4. The fully automatic feeding device as described in claim 1, characterized in that, The unloading equipment also includes a transfer robot for moving the aged strips to a position close to the capacitor feeding mechanism. The transfer robot includes a horizontal lead screw module and a vertical lead screw module arranged in a cross configuration. The horizontal lead screw module is fixed on the frame. A parallel gripper cylinder is installed at the end of the vertical lead screw module. Multiple grippers are symmetrically arranged at the piston rod end of the parallel gripper cylinder. The gripping part of the gripper is provided with a slot to facilitate the gripping of the strip.
5. The fully automatic feeding device as described in claim 1, characterized in that, The capacitor feeding mechanism has a silicone sleeve at the position where the clamp contacts the capacitor to increase the clamping force.
6. The fully automatic feeding device as described in claim 1, characterized in that, The capacitor placement platform is an indexing turntable, which is driven by a divider or a servo motor to achieve intermittent motion. Multiple clamping devices are evenly arranged on the indexing turntable. The clamping devices are driven by a linkage mechanism to open two chucks symmetrically installed on a linear guide rail. The two chucks automatically close under the action of spring tension.

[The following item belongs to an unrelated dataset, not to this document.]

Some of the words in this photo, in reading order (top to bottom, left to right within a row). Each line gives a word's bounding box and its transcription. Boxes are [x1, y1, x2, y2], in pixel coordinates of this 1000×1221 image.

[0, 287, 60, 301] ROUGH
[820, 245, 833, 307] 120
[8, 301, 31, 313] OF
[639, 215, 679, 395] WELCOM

7. The fully automatic feeding device as described in claim 1, characterized in that, The cylinder-driven linkage mechanism of the capacitance testing mechanism drives the conductive contact mounted on the linear guide rail to move, thereby achieving contact and conduction between the conductive contact and the capacitor pin for performance testing.

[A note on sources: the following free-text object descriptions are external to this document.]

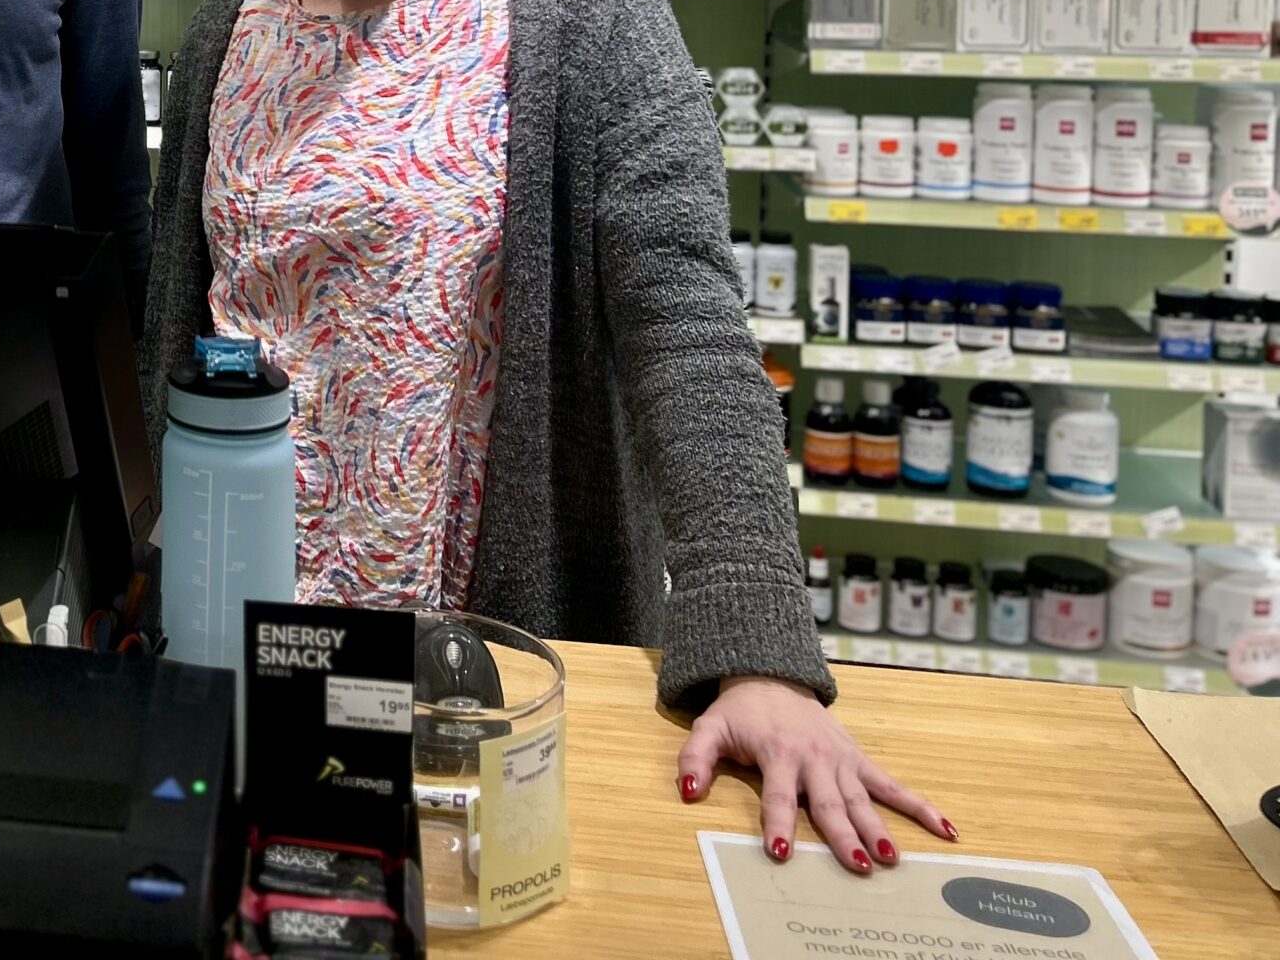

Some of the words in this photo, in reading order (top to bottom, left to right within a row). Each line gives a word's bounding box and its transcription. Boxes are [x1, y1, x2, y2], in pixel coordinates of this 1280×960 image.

[257, 623, 347, 649] ENERGY
[257, 646, 333, 670] SNACK
[332, 776, 393, 791] PUREPOWER
[266, 854, 329, 871] SNACK
[490, 863, 562, 902] PROPOLIS
[992, 891, 1037, 908] Klub
[272, 909, 350, 928] ENERGY
[978, 901, 1055, 924] Helsam
[272, 922, 342, 940] SNACK
[786, 921, 843, 937] Over
[849, 927, 954, 949] 200.000
[960, 941, 986, 952] er
[991, 942, 1086, 960] allerede
[804, 942, 899, 960] medlem

8. The fully automatic feeding device as described in claim 1, characterized in that, The capacitor unloading mechanism includes a fixed cylinder, a vertically arranged vertical lead screw module, and a horizontally arranged horizontal lead screw module. The cylinder drives the vertical lead screw module, which is mounted on a horizontal linear guide rail, to move horizontally. The vertical lead screw module is equipped with a gripper cylinder and a rotary cylinder. The gripper cylinder is equipped with a chuck for gripping the capacitor, and the rotary cylinder is used to rotate the gripped capacitor so that the capacitor leads are facing upwards. The horizontal lead screw module is equipped with a slide cylinder, which drives the gripper cylinder to move back and forth. After the chuck grips the capacitor, the control system controls the horizontal lead screw module to move to the corresponding position for sorting and processing the tested capacitors.